IMO a second shower is totally fine if it's been a long time since your first child or even if it's a different sex! It's up to you and your support team...just do what feels right for you!
And on that note my child will be 10 years old when my new baby is born. This was an unplanned pregnancy and I am 35...I have nothing for a baby and am planning on having a 2nd shower...
IMO a second shower is totally fine if it's been a long time since your first child or even if it's a different sex! It's up to you and your support team...just do what feels right for you!
And on that note my child will be 10 years old when my new baby is born. This was an unplanned pregnancy and I am 35...I have nothing for a baby and am planning on having a 2nd shower...
No. Buy it yourself. It is your responsibility and yours alone to provide for YOUR baby. You can't demand gifts just because you are unprepared. So rude.
I agree! It's def not up to our friends and family to provide for a child we are having BUT if you have friends and family who are thrilled to do so then do then allow them to...

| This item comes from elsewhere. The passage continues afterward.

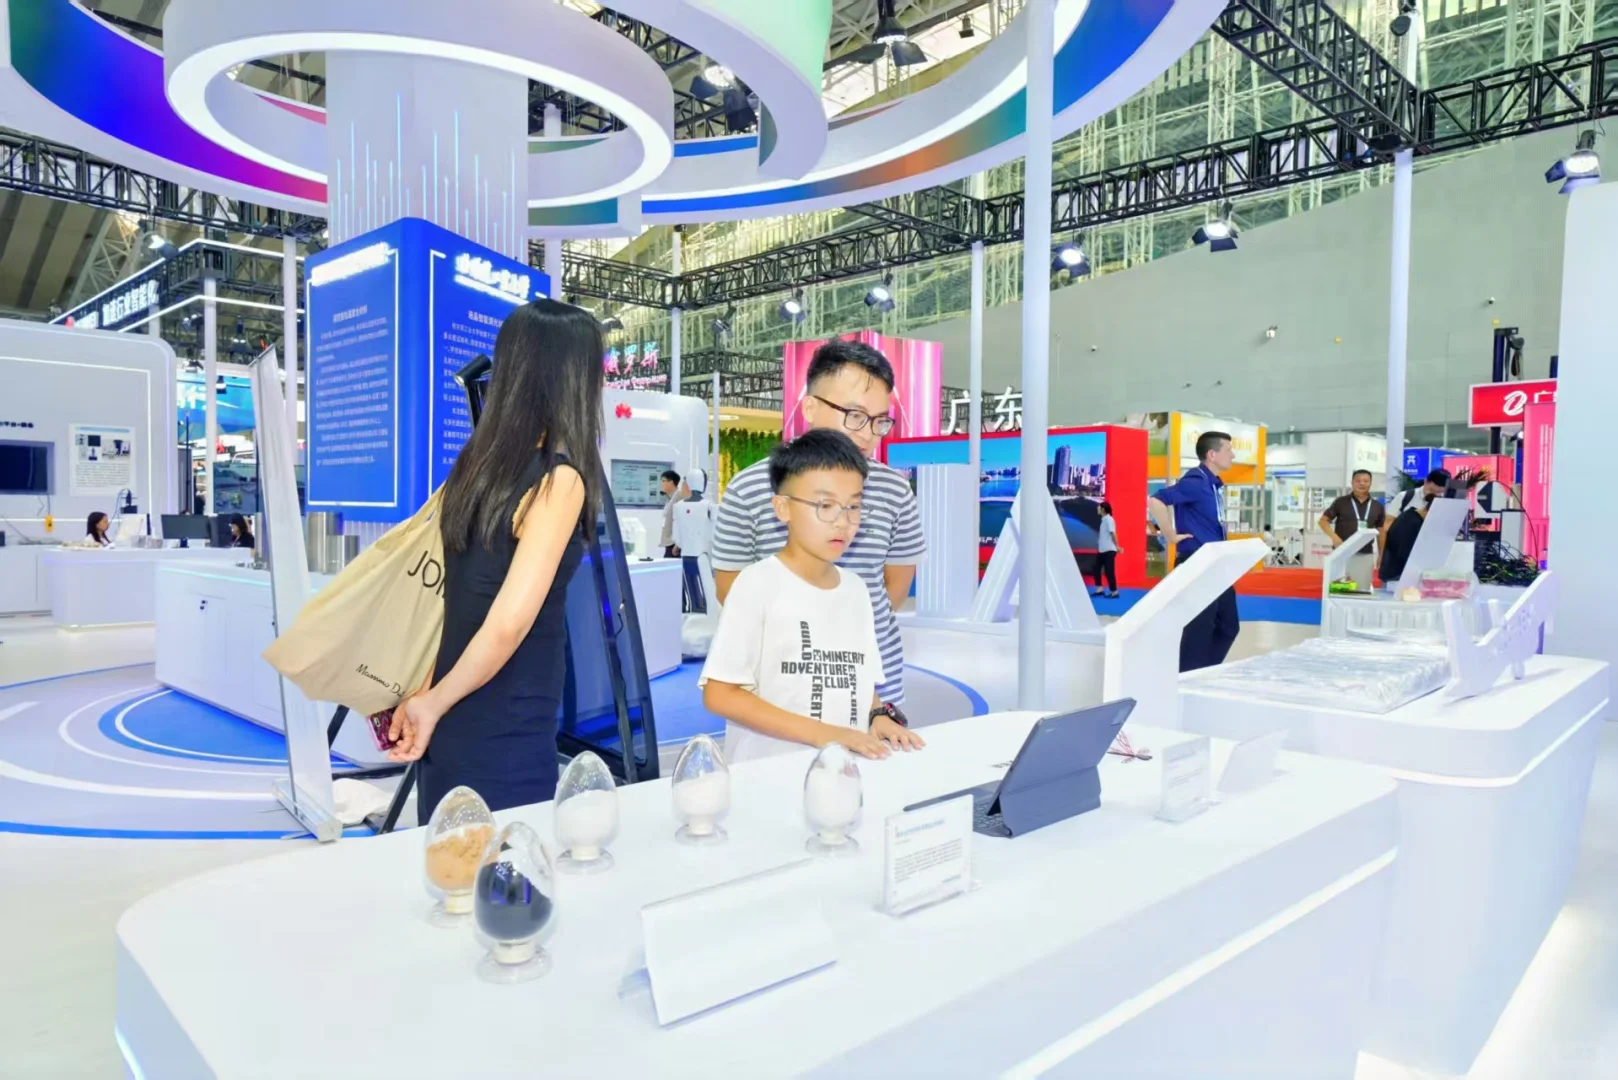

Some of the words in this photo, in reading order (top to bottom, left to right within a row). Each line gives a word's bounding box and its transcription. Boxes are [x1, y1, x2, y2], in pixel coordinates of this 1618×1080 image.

[800, 620, 812, 661] BUILD
[781, 661, 849, 676] ADVENTURE
[824, 676, 850, 689] CLUB
[848, 664, 858, 726] EXPLORE

I agree! It's def not up to our friends and family to provide for a child we are having BUT if you have friends and family who are thrilled to do so then do then allow them to...
If people want to give you gifts, they will. You don't have to have a shower for that.

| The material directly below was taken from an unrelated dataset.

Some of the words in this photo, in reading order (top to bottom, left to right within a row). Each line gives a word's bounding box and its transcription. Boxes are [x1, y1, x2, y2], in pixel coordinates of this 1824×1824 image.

I planned ahead and got all neutral big items and I'm more than able to provide for my kids, but if all of my friends are already talking about having a little something if this one is a girl (since I have a boy), I see nothing wrong with it. Just like I see nothing wrong with a friend who already has a boy and is having another boy, and all of us friends are getting together to have a little something for her. Who cares. If your friends and family want to do something for you, I see nothing wrong with it. Everyone has their own opinion.
No. In certain circumstances I would be OK with a second shower, but a different set is NOT one of them.
My mom had a second shower for my baby brother who is 18 years younger then me. While that alone is not a reason for a second shower she was also told she would never have children again and it was a miracle she even conceived me. I think it was acceptable for her to have another shower.
But like I said 99 percent of the time no you don't get another shower.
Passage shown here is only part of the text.